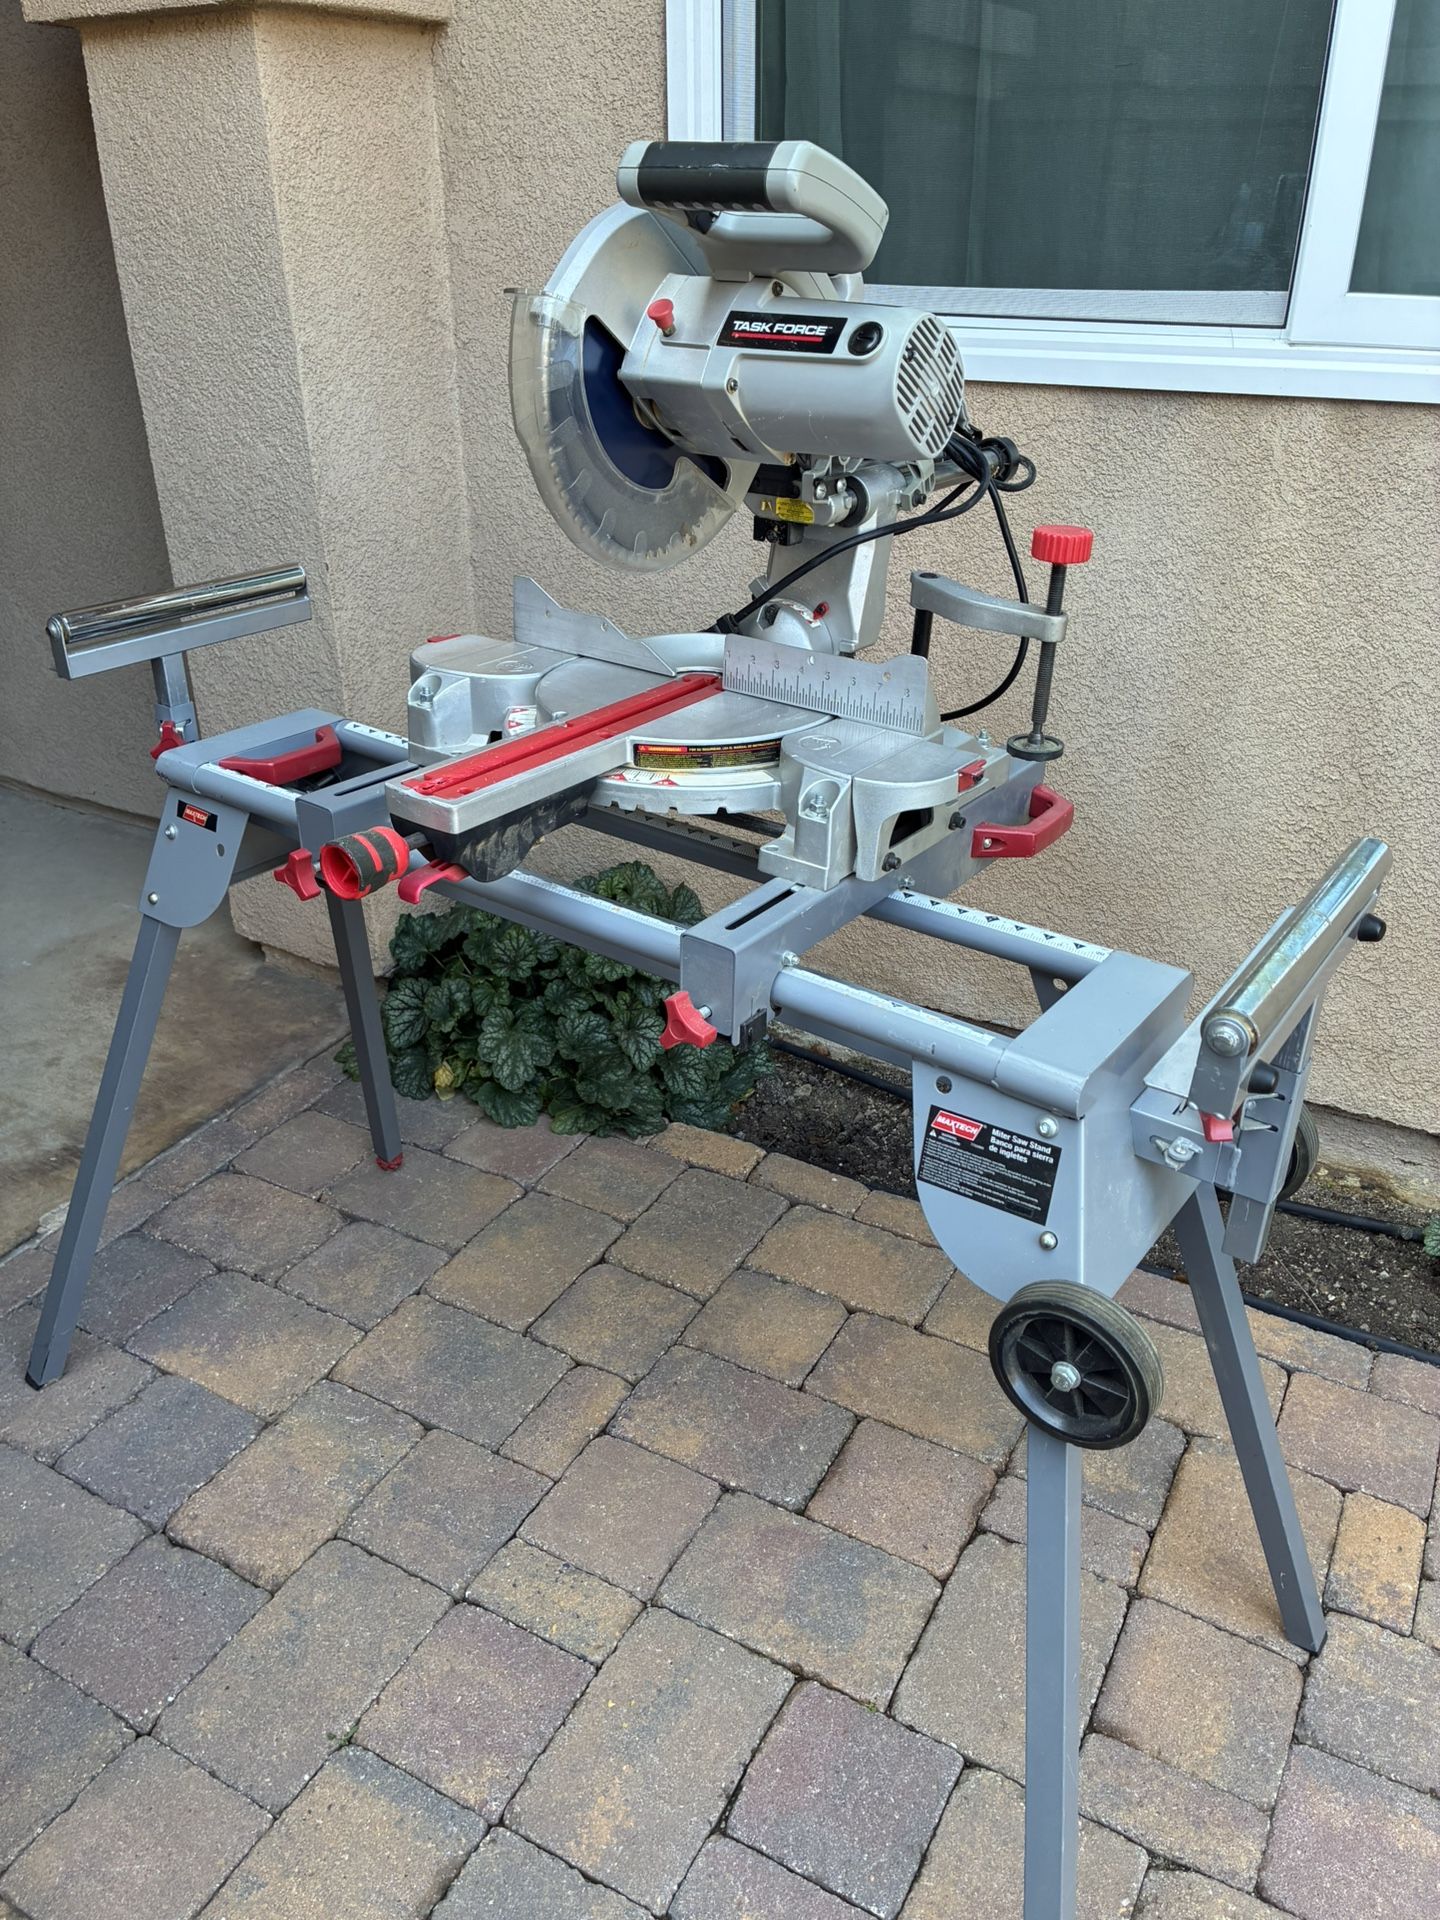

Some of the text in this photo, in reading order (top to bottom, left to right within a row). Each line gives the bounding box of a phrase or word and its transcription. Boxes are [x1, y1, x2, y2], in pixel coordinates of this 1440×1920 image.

==

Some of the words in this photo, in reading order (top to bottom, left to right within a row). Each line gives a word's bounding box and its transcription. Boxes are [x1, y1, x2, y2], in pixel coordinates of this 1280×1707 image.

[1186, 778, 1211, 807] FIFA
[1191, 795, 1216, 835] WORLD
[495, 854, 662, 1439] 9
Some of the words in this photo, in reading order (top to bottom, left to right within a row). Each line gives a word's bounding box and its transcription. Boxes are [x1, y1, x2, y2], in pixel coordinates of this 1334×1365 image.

● **Assignment**:
From the line that has "this 1280×1707 image." through the line that has "this 1334×1365 image.", copy every line exactly as it appears above, and leave out all others.

● **Response to the task**:
Some of the words in this photo, in reading order (top to bottom, left to right within a row). Each line gives a word's bounding box and its transcription. Boxes are [x1, y1, x2, y2], in pixel coordinates of this 1280×1707 image.

[1186, 778, 1211, 807] FIFA
[1191, 795, 1216, 835] WORLD
[495, 854, 662, 1439] 9
Some of the words in this photo, in reading order (top to bottom, left to right within a row). Each line gives a word's bounding box and its transcription. Boxes are [x1, y1, x2, y2], in pixel coordinates of this 1334×1365 image.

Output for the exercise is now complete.